15. As a computerized method, A step of inputting multimodal data including one-dimensional text representation data of a molecule, two-dimensional graph representation data, and a task command sequence; A step of generating molecular graph embeddings from the two-dimensional graph representation data using a hybrid graph encoder; A step of aligning the molecular graph embedding with the text embedding generated from the one-dimensional text phenotype data and the task instruction sequence using a crossmodal bridge; and A step comprising generating a result of a molecular unit task according to the task instruction sequence based on the aligned molecular graph embeddings and the text embeddings using a large-scale language model; method.
16. In Claim 15, The above result generation step is, If the above task command sequence directs the generation of a natural language description of a molecular structure, A step of identifying multiple substructures included in the target molecular structure to be analyzed; A step of sampling at least one sparse substructure based on the sparse score of each of the plurality of substructures identified above; and A step comprising: integrating descriptions of the sampled sparse substructures to generate a final natural language description of the target molecular structure; method.

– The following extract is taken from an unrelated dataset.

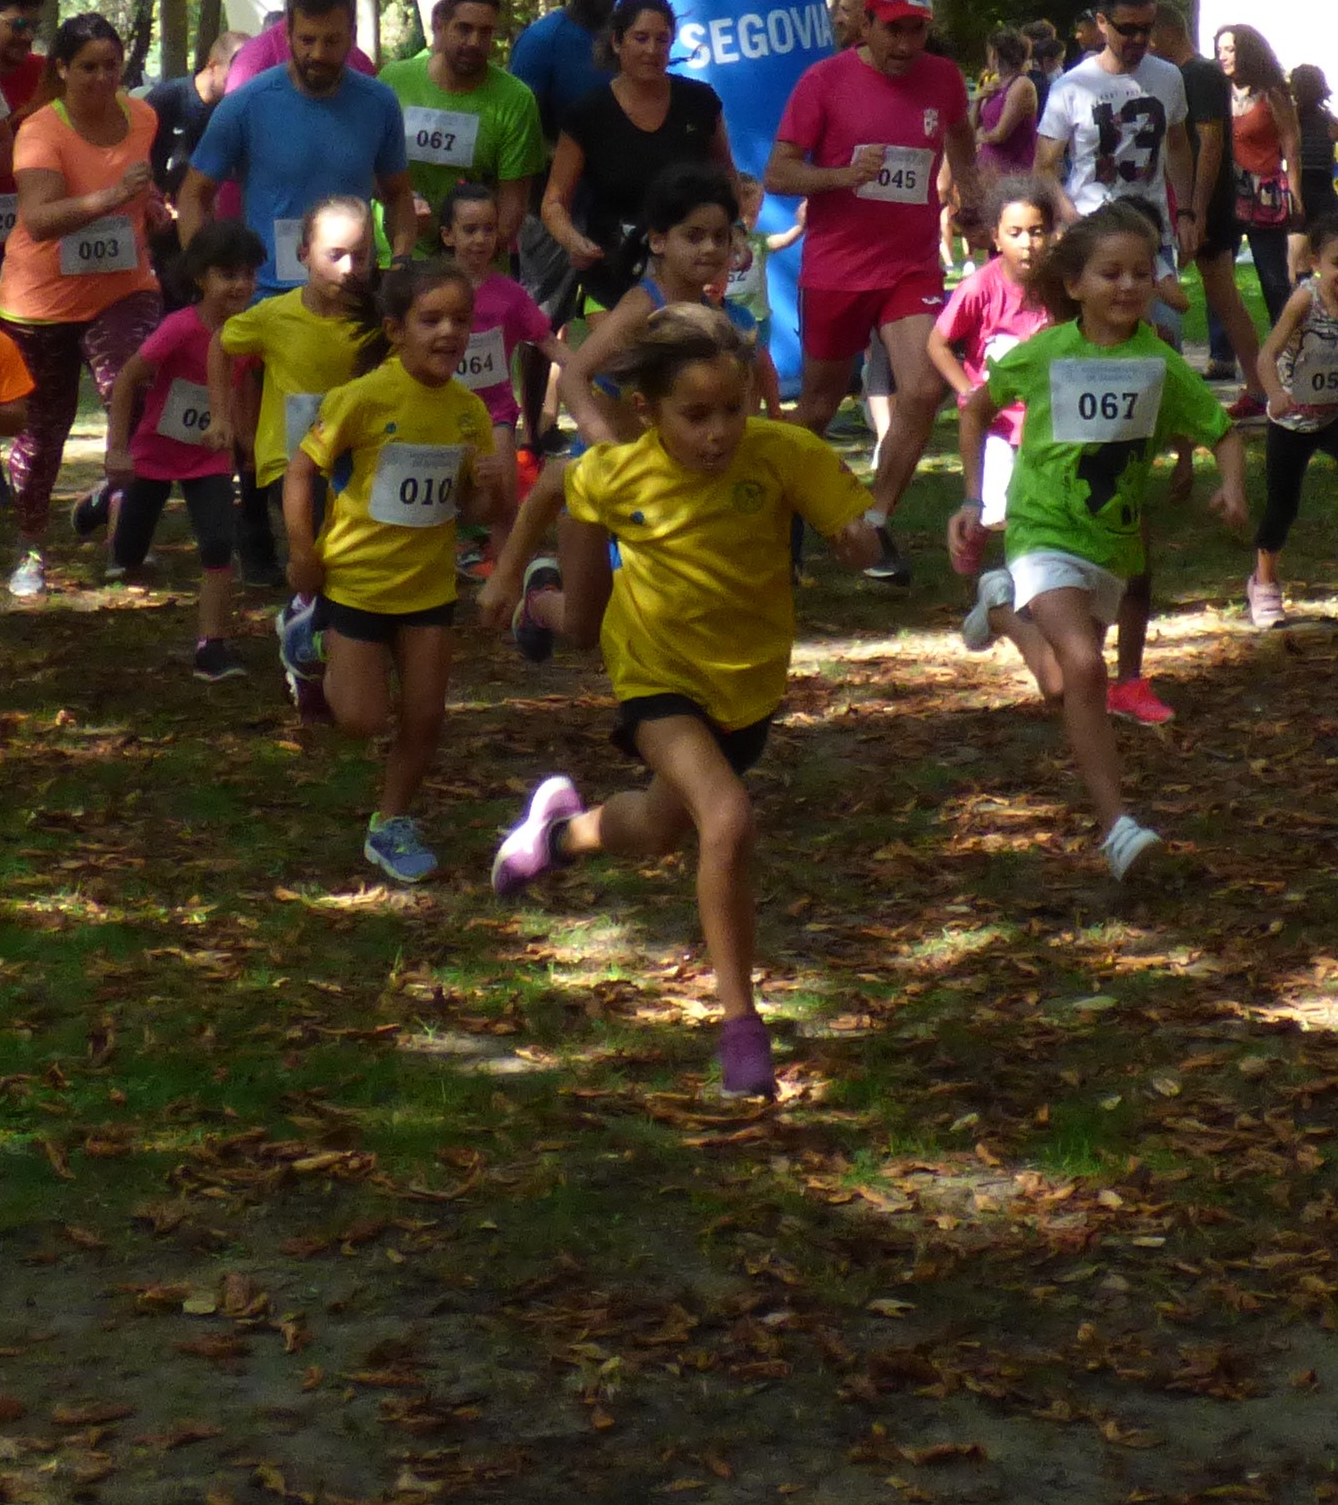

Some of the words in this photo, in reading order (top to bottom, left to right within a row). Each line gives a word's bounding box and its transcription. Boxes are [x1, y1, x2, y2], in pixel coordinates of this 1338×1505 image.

17. In Claim 16, The above step of identifying substructures is, Identifying the plurality of substructures by calculating the molecular fingerprint of the above target molecular structure, method.
18. In Claim 16, The above scarcity score is, Calculated inversely proportional to the frequency of occurrence of the above substructure within a large-scale molecular database, method.

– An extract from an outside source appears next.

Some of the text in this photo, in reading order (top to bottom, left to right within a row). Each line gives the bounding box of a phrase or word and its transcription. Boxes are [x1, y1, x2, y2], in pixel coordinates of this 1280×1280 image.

19. In Claim 16, The above final natural language description generation step is, A step of searching for pre-generated natural language description documents for each of the above-mentioned sampled sparse substructures; and A step comprising inputting the above-mentioned retrieved documents into a large-scale language model to integrate them into a single consistent document; method.
20. A server computing system equipped with the system according to claim 1; and A user computing device that transmits a request including multimodal data and a task instruction sequence to a server computing system via the user computing device, and receives a result generated by a large-scale language model of the server computing system; System.
21. An application-specific integrated circuit comprising a functional block including a memory in which information and instructions are stored and at least one processor that requests access to said memory, The memory stores instructions or information comprising: an operation of inputting multimodal data including one-dimensional text representation data of a molecule, two-dimensional graph representation data, and a task instruction sequence; an operation of generating a molecular graph embedding from the two-dimensional graph representation data using a hybrid graph encoder; an operation of aligning the molecular graph embedding with a text embedding generated from the one-dimensional text representation data and the task instruction sequence using a crossmodal bridge; and an operation of generating a result of a molecular unit task according to the task instruction sequence based on the aligned molecular graph embedding and the text embedding using a large-scale language model. Custom Integrated Circuit.